Hi all,
I'm an engineer assigned to determine some parameters of a manipulator (ie., calibration). It has a number of parameters, but after some manipulations of its dynamic equations, I can have the following equations:
$\mathbf{l}_i^T \mathbf{R}_x \mathbf{R}_i \mathbf{p} = 0$ with $i=0,..,N$ (1)
where $\mathbf{l}_i$ (3x1 vector) and $\mathbf{R}_i$ (3x3 vector) can be measured and computed using external devices. $\mathbf{R}_x$ and $\mathbf{p}$ are the ones that I have to determine. $\mathbf{R}_x$ is a unitary matrix (actually some rotation matrix with 3 degrees of freedom). $\mathbf{p}$ is fixed and is some linear transform of some other parameters. Further isolating $\mathbf{R}_x$, I can get the following system:
$[(\mathbf{R}^T_0 \mathbf{R}^T_x \mathbf{l}_0) \times (\mathbf{R}_1^T\mathbf{R}_x^T\mathbf{l}_1)] . \mathbf{R}_k^T \mathbf{R}_x^T \mathbf{l}_k = 0$ (2) where $k=2,..,N$ with $\times$ denotes cross product and $.$ denotes dot product. $N$ is the number of measurements.

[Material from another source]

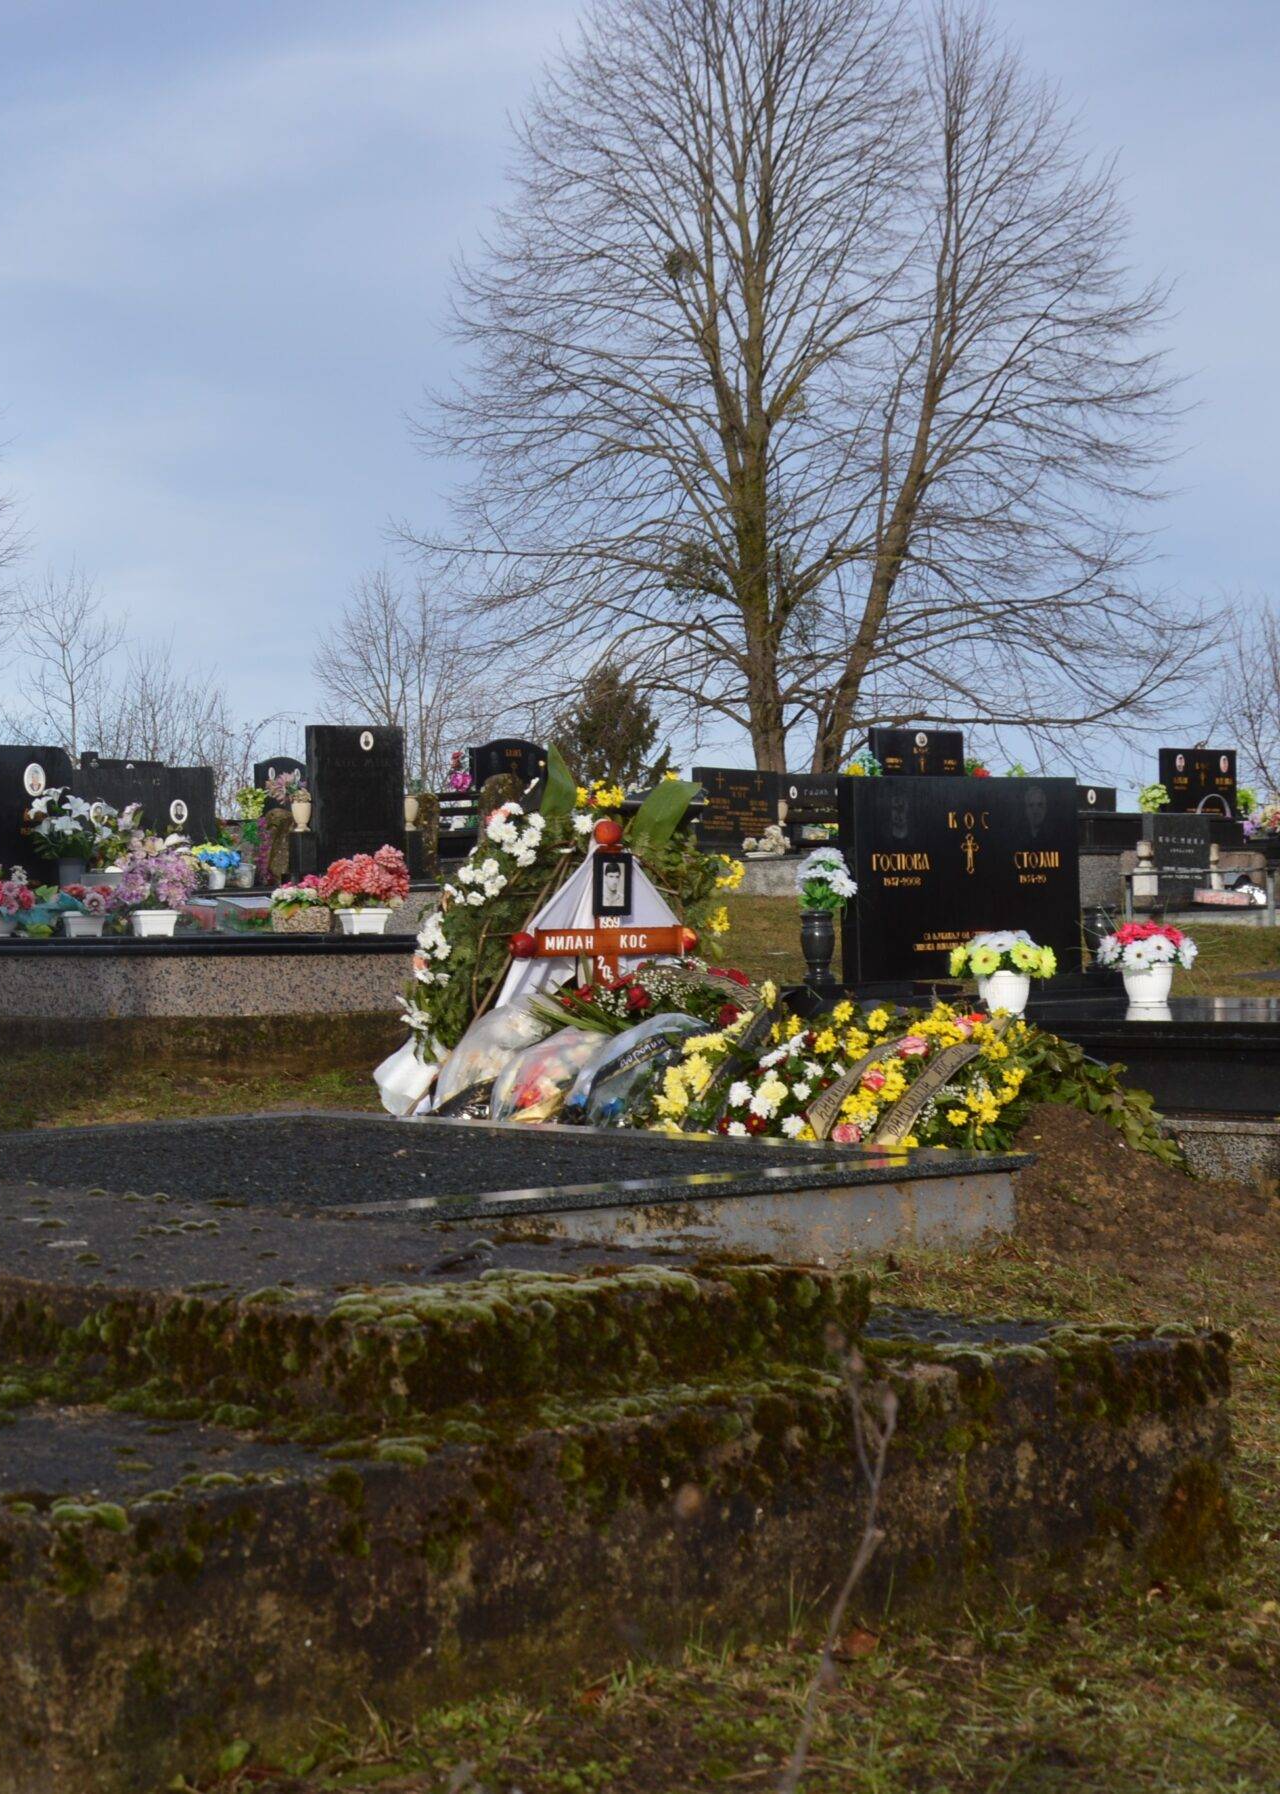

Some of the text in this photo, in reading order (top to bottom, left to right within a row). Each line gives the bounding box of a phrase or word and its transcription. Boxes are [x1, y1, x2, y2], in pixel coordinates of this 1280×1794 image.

[948, 811, 990, 829] КОС
[872, 853, 930, 871] ГОСПОВА
[1013, 851, 1059, 869] СТОЈАН
[545, 934, 648, 950] МИЛАН КОС

At this point, I'm not sure how to solve this system of equations. The reason that I chose to isolate $\mathbf{R}_x$ because once it is found, I can find other parameters using a large but doable linear system. My questions are:
1) Is it possible to solve the system (2)? Any idea to analytical or numerical solutions is highly appreciated. The problem is not trivial at all. For example, if I limit $\mathbf{R}_x$ to one degree of freedom (DOG), and set it to become $\mathbf{R}_x$ = [cos(a) -sin(a) 0; sin(a) cos(a) 0; 0 0 1] (Matlab notation), then I will have an equation with $\cos(a)^3, \sin(a)^3, \cos(a)^2\sin(a), \dots$ terms with $N=3$. If I use $x=\cos(a)$ and $y=\sin(a)$ with constraint $x^2 + y^2 = 1$, then I have a system of polynomial equations, as titled. That simplified system is somehow doable but no way trivial. And that is for 1 DOG only. It'll get much worse for all 3 DOGs altogether.

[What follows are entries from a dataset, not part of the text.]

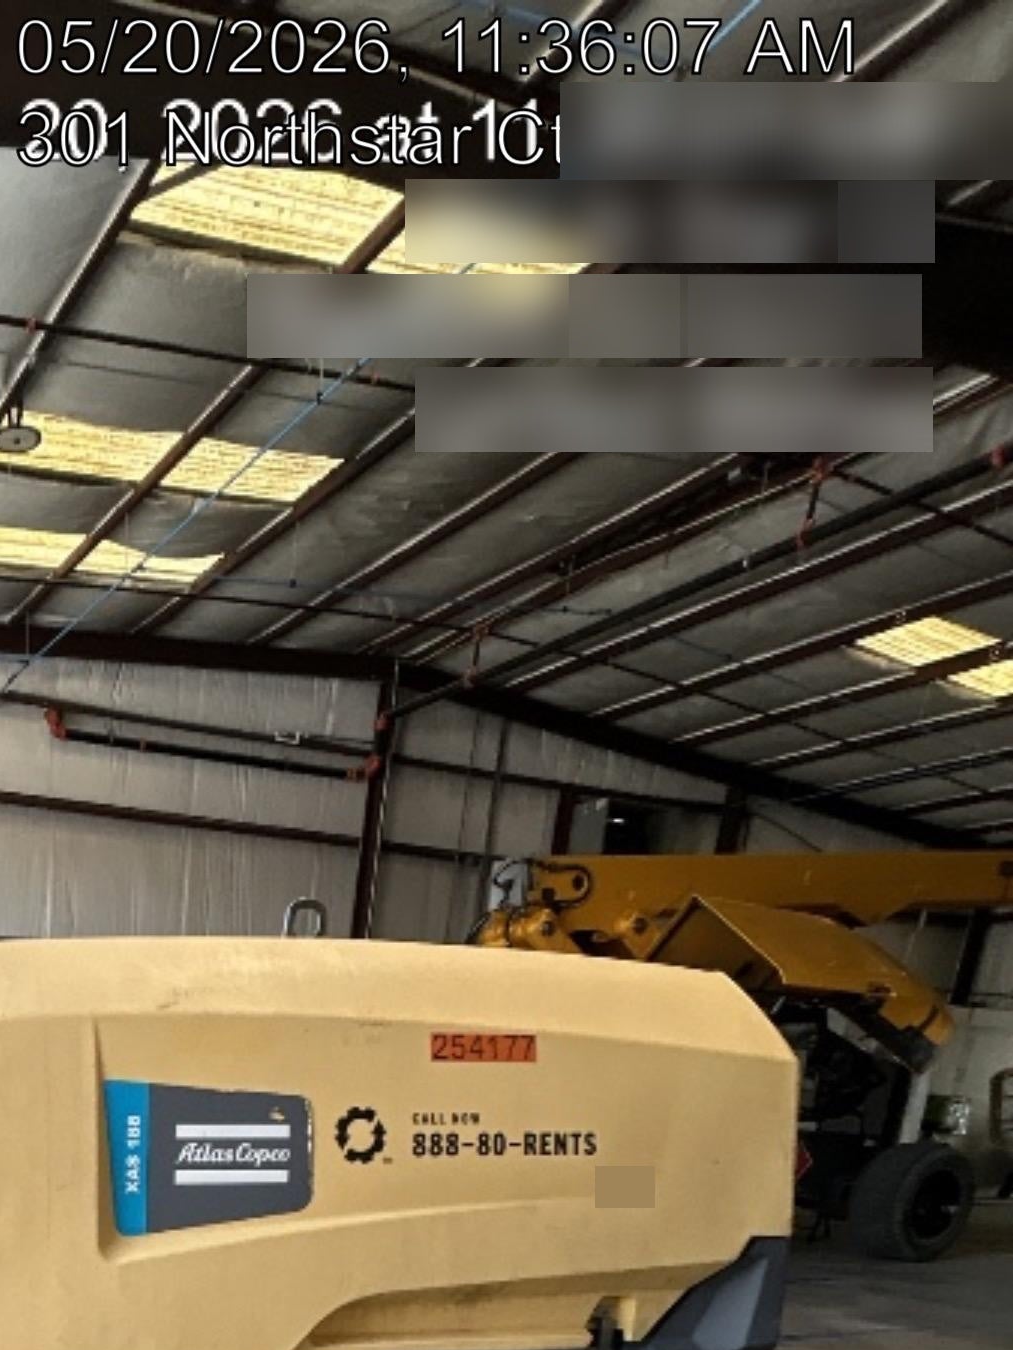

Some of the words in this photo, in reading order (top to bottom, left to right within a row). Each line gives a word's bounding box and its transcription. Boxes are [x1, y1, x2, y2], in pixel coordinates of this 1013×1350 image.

[433, 1034, 535, 1060] 254177
[126, 1115, 142, 1149] 188
[412, 1112, 446, 1126] CALL
[451, 1112, 481, 1126] NOW
[176, 1142, 234, 1165] Atlas
[235, 1142, 292, 1168] Copco
[412, 1132, 598, 1157] 888-80-RENTS
[125, 1155, 141, 1195] XAS
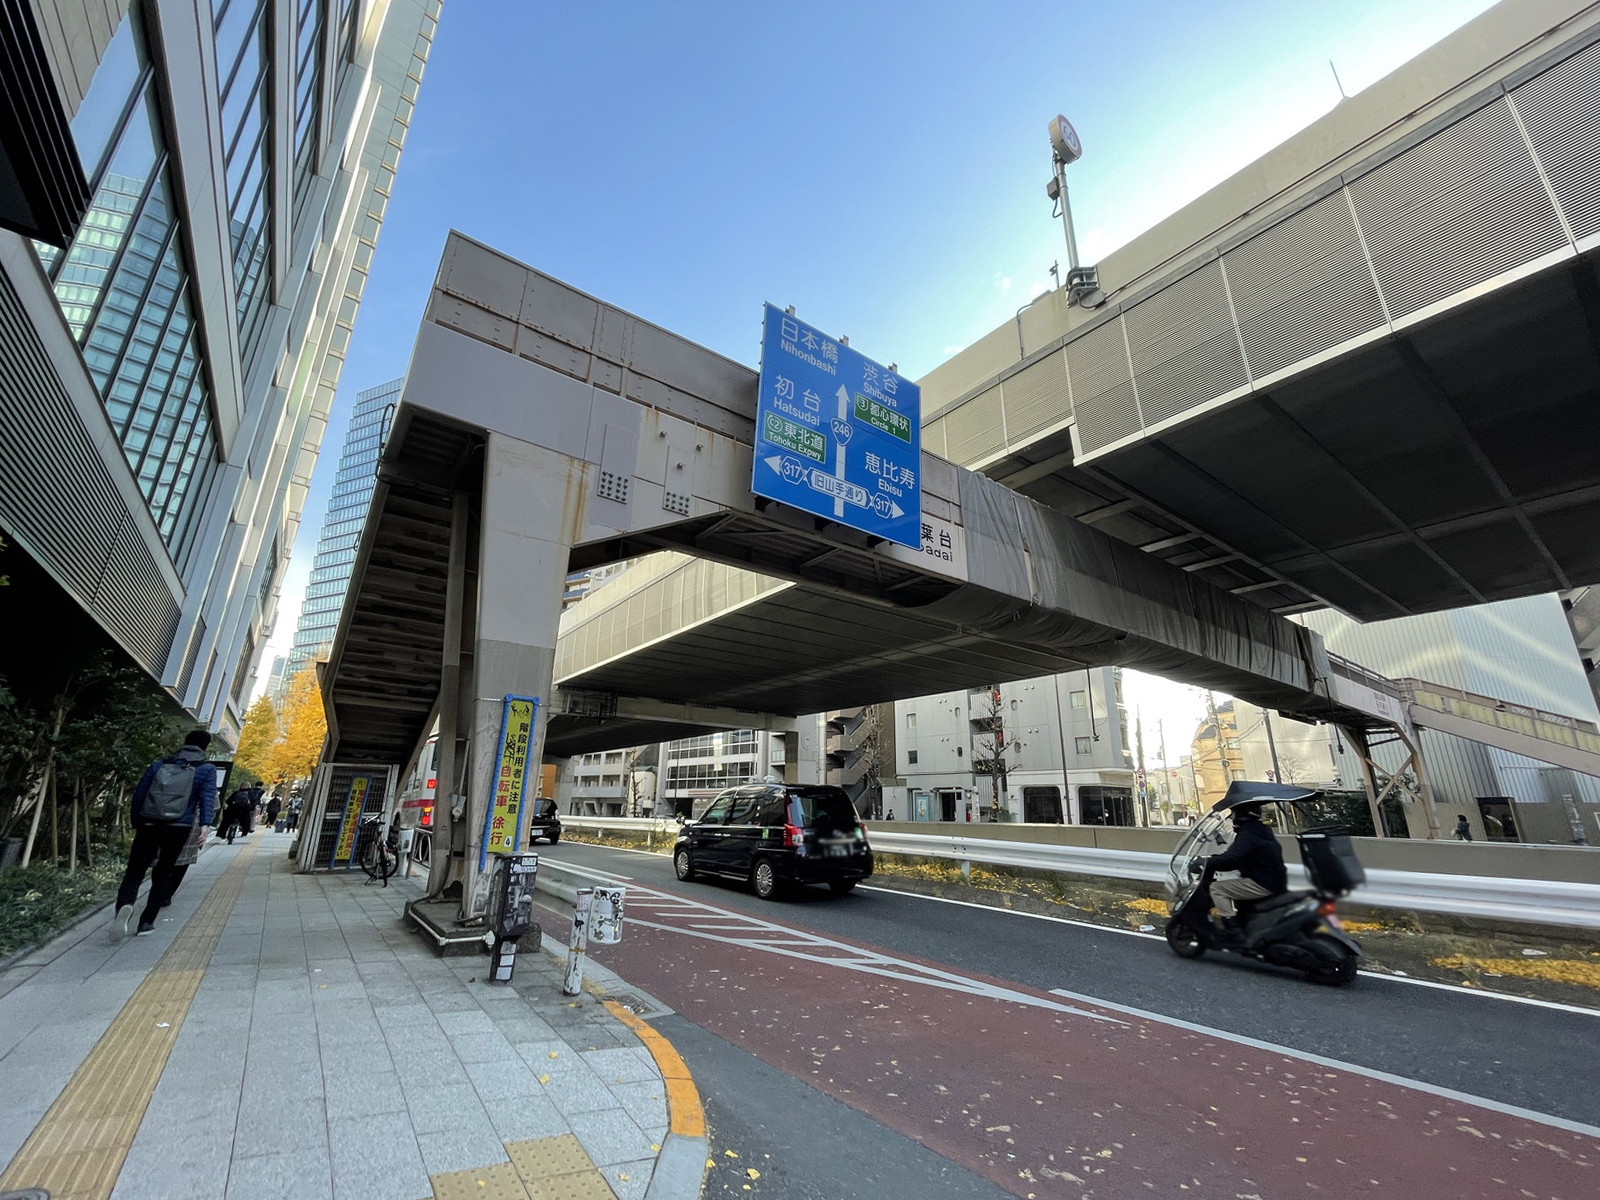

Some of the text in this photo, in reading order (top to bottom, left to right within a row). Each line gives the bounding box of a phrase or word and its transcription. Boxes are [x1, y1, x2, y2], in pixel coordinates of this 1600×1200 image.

[781, 317, 839, 364] 日本橋
[780, 338, 837, 376] Nihonbashi
[774, 374, 822, 413] 初台
[863, 361, 899, 395] 渋谷
[863, 381, 898, 408] Shibuya
[773, 396, 821, 427] Hatsudai
[870, 416, 889, 431] Circle
[783, 421, 824, 451] 東北道
[833, 421, 850, 438] 246
[768, 431, 822, 460] Tohoku Expwy
[783, 461, 801, 478] 317
[865, 451, 916, 490] 恵比寿
[814, 472, 863, 503] 旧山手通り
[878, 478, 903, 498] Ebisu
[875, 497, 890, 513] 317
[921, 543, 953, 563] adai
[506, 722, 530, 816] 階段利用者に注意
[495, 764, 513, 808] 自転車
[490, 815, 506, 846] 徐行

2) Since $\mathbf{l}_i$ (3x1 vector) and $\mathbf{R}_i$ are measured, it can have measurement noises. If the system is linear, the way is to find least square, but I'm not sure about this. Any theory to deal with this case?
3) Can Groebner basis theory be useful in my case? When I searched for a solution for question 1 above, it seems helpful as shown in http://www.scholarpedia.org/article/Groebner_basis#Robotics However, further reading indicates that it may not be stable with measurement noises, floating point, etc. I'm not sure it's worth my time and effort to study the theory, given that I have a deadline. In addition, learning such advanced math theory by myself can be very difficult, if not impossible. Please advise.
Thank you very much.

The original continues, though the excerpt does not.